▸ **INSTRUCTIONS FOR THE TASK**: Without the pictures, set down every record below exactly as it reads.

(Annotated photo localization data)
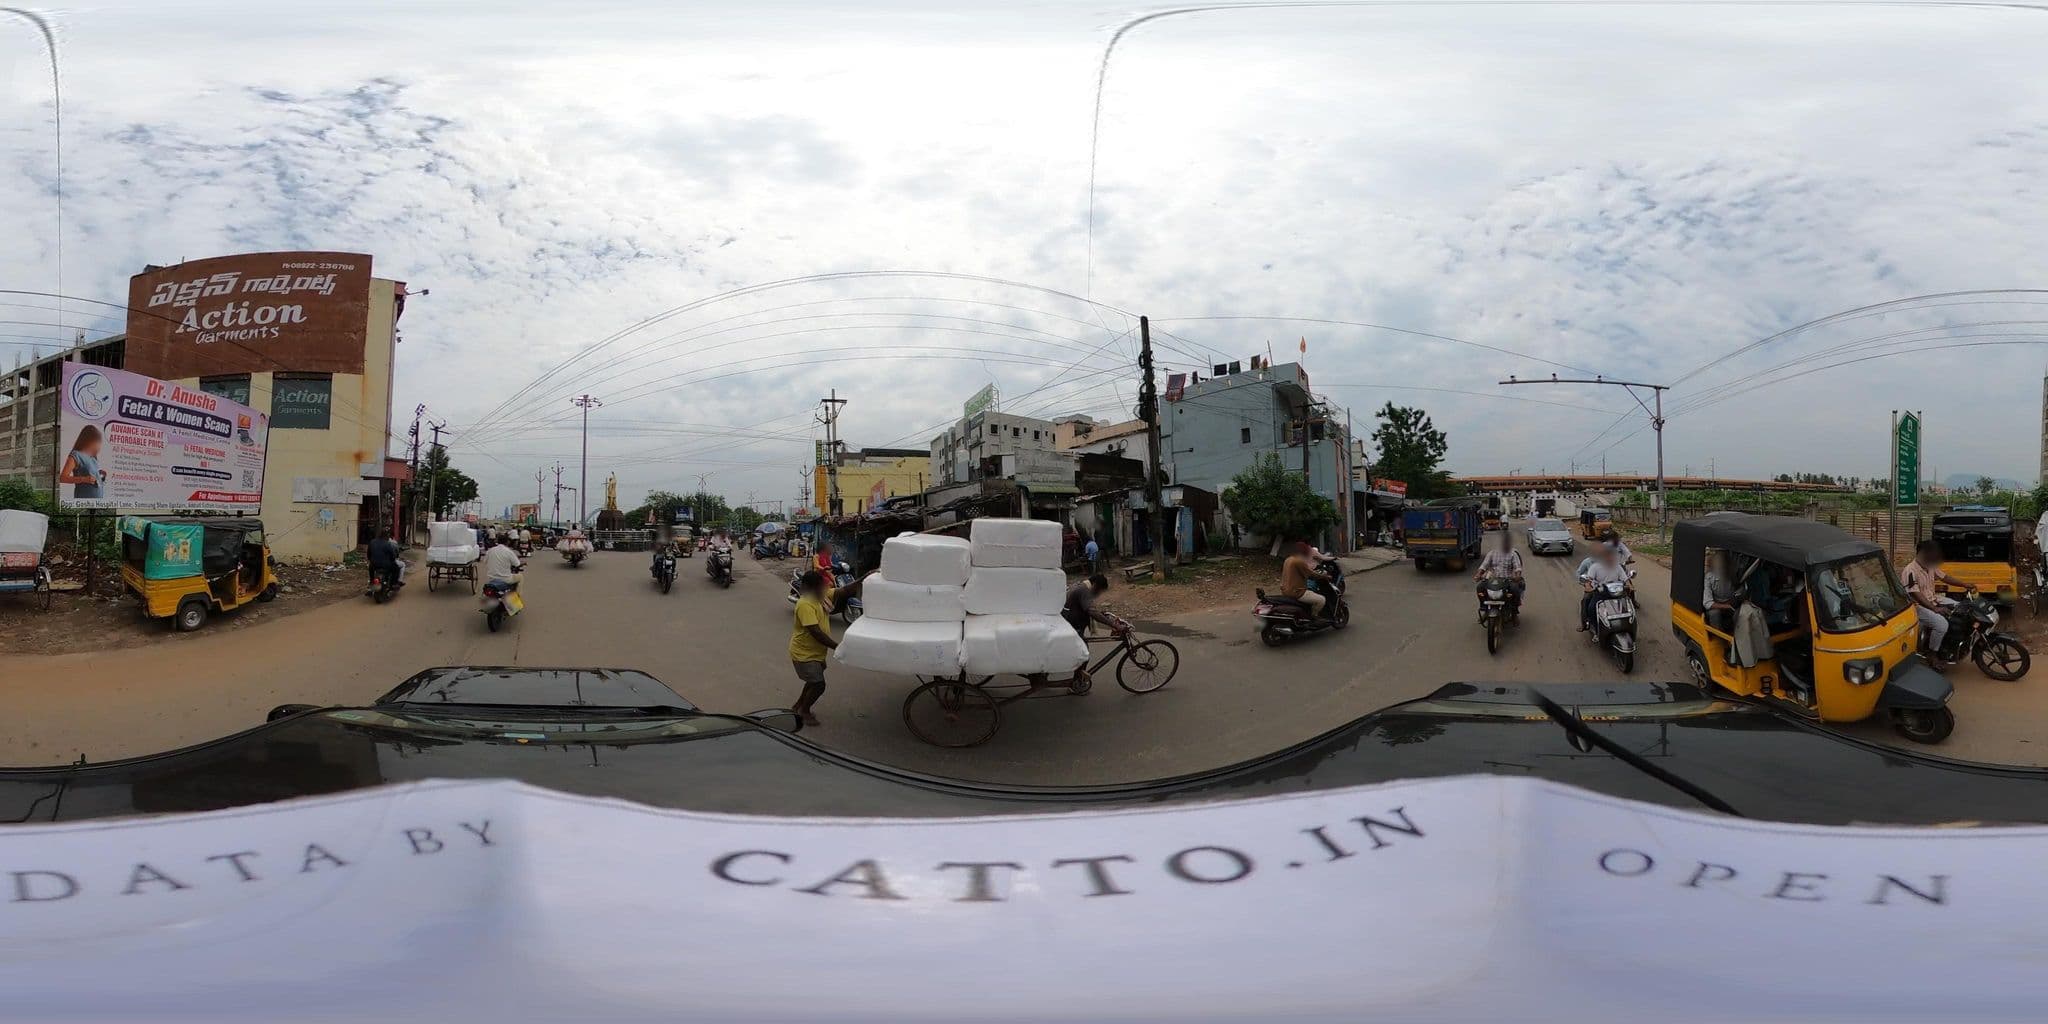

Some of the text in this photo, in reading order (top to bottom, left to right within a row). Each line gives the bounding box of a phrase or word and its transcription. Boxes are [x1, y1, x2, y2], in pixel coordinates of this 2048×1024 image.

[175, 301, 307, 333] Action
[195, 326, 279, 345] Garments
[146, 380, 166, 399] Dr.
[171, 386, 217, 411] Anusha
[275, 387, 329, 404] Action
[122, 398, 230, 434] Fetal & Women Scans
[278, 405, 322, 415] Garments
[109, 435, 165, 449] AFFORDABLE PRICE
[111, 424, 164, 439] ADVANCE SCAN AT
[204, 447, 226, 458] MEDICINE
[8, 818, 498, 902] DATA BY
[710, 804, 1427, 901] CATTO.IN
[1598, 847, 1952, 905] OPEN
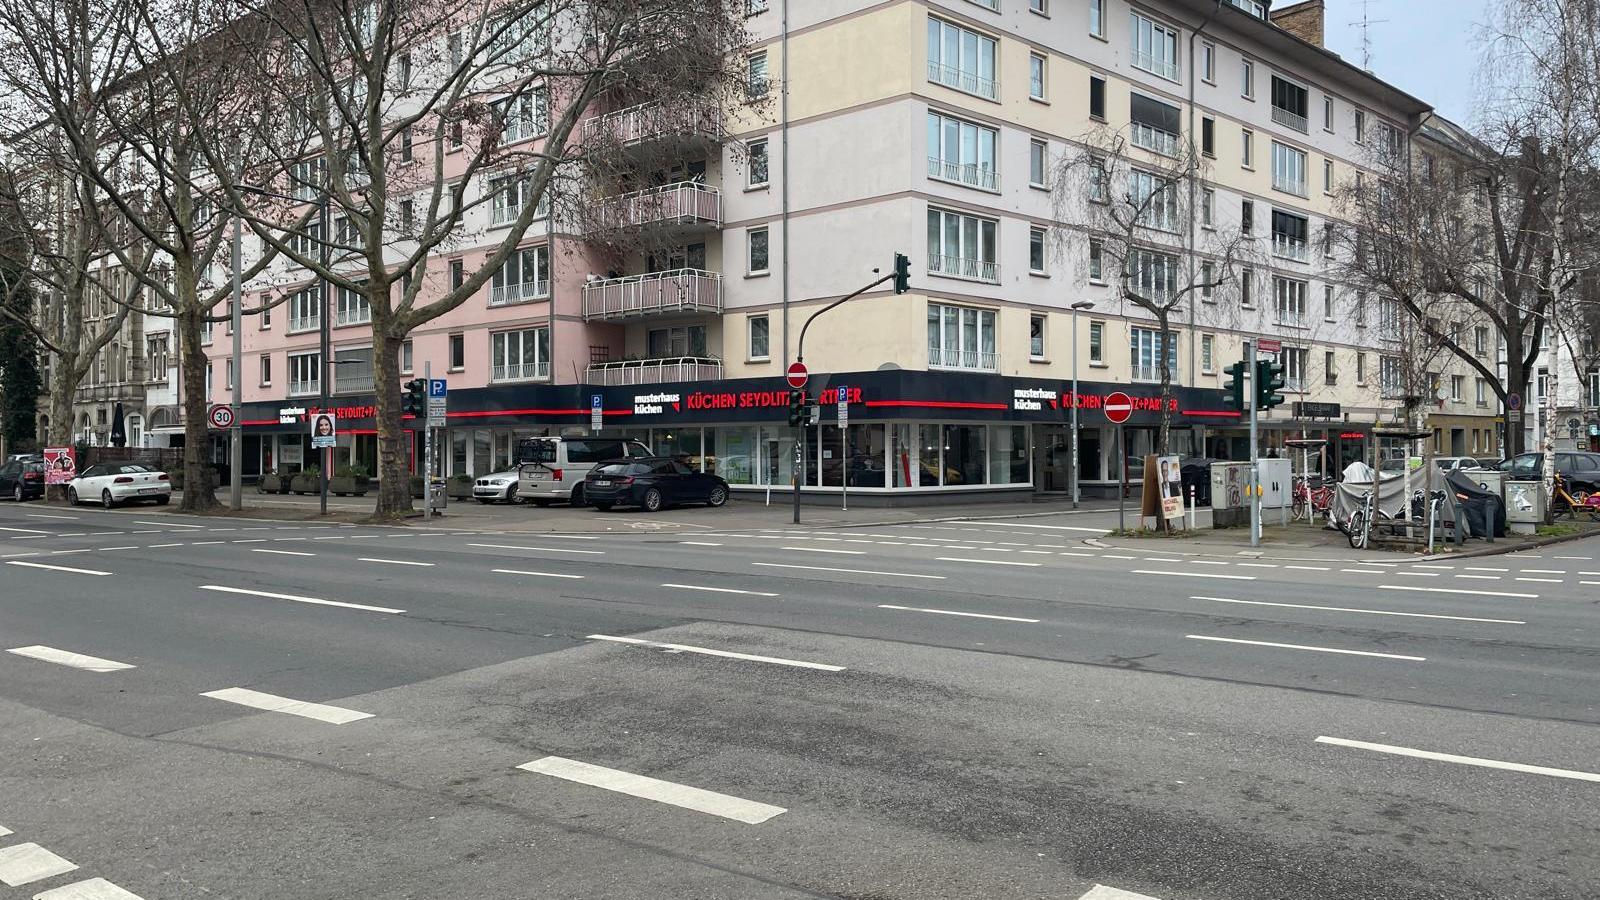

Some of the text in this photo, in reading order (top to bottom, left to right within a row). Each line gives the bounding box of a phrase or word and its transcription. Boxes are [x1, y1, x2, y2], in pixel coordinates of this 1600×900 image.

[432, 381, 443, 395] P
[1014, 388, 1057, 399] musterhaus
[634, 393, 680, 404] musterhaus
[687, 391, 736, 409] KÜCHEN
[1014, 398, 1042, 410] küchen
[634, 403, 663, 415] küchen
[215, 411, 230, 423] 30
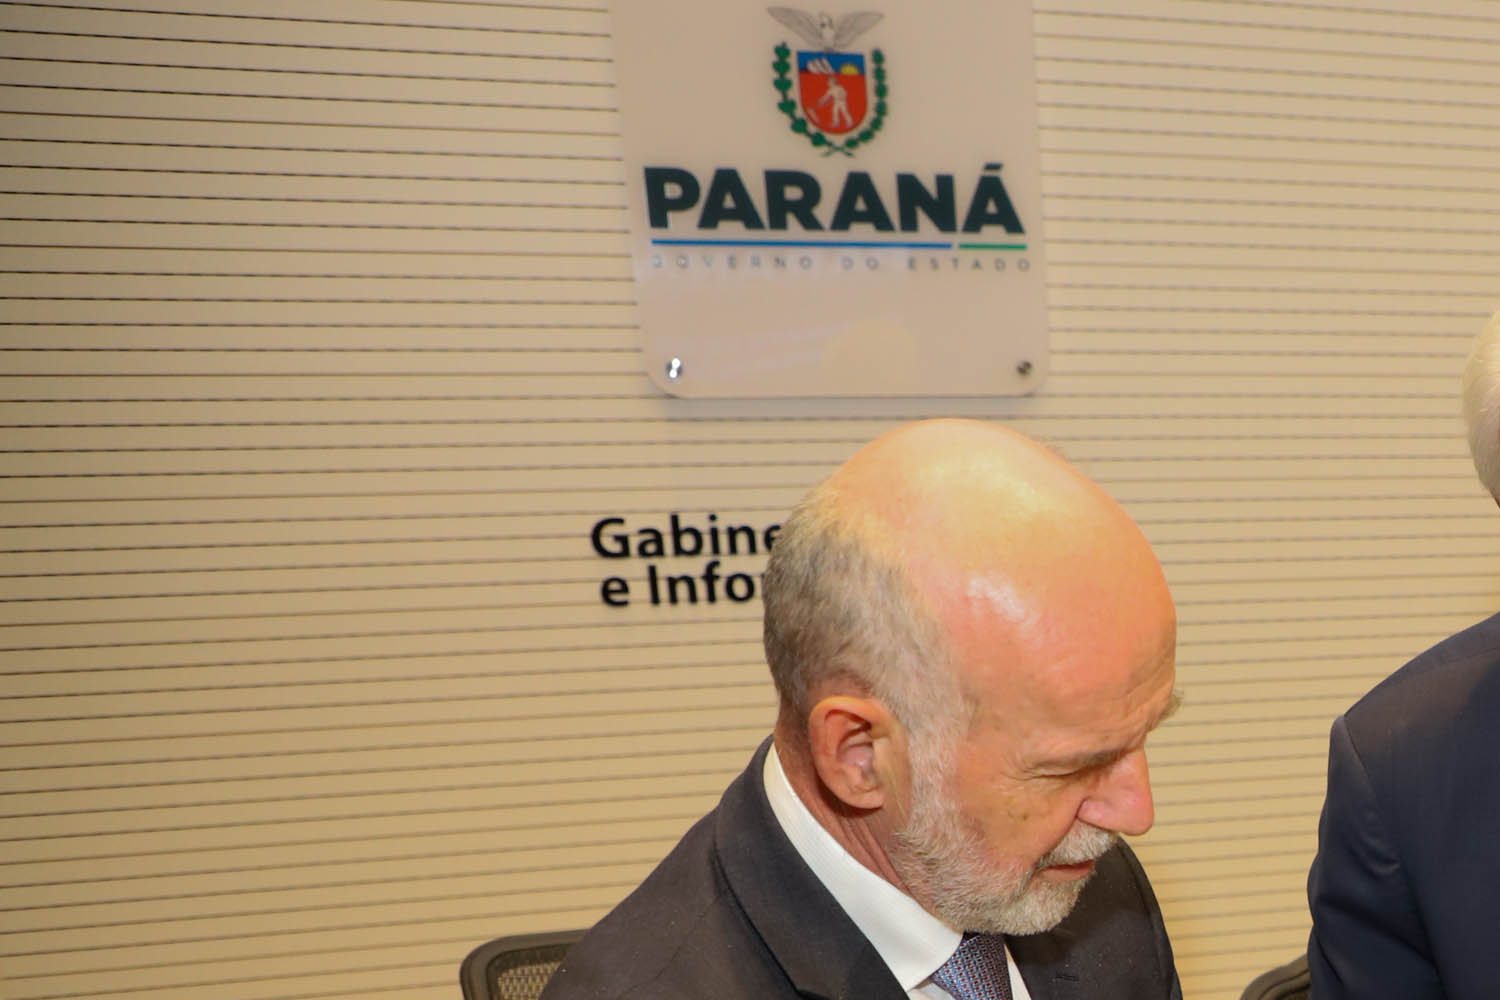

▸ **EXERCISE SOLUTION**:
Some of the text in this photo, in reading order (top to bottom, left to right within a row). Each line gives the bounding box of a phrase or word and its transcription. Boxes are [x1, y1, x2, y2], in pixel coordinates of this 2048×1024 image.

[175, 301, 307, 333] Action
[195, 326, 279, 345] Garments
[146, 380, 166, 399] Dr.
[171, 386, 217, 411] Anusha
[275, 387, 329, 404] Action
[122, 398, 230, 434] Fetal & Women Scans
[278, 405, 322, 415] Garments
[109, 435, 165, 449] AFFORDABLE PRICE
[111, 424, 164, 439] ADVANCE SCAN AT
[204, 447, 226, 458] MEDICINE
[8, 818, 498, 902] DATA BY
[710, 804, 1427, 901] CATTO.IN
[1598, 847, 1952, 905] OPEN

Some of the text in this photo, in reading order (top to bottom, left to right within a row). Each line gives the bounding box of a phrase or word and its transcription. Boxes are [x1, y1, x2, y2], in pixel coordinates of this 1600×900 image.

[432, 381, 443, 395] P
[1014, 388, 1057, 399] musterhaus
[634, 393, 680, 404] musterhaus
[687, 391, 736, 409] KÜCHEN
[1014, 398, 1042, 410] küchen
[634, 403, 663, 415] küchen
[215, 411, 230, 423] 30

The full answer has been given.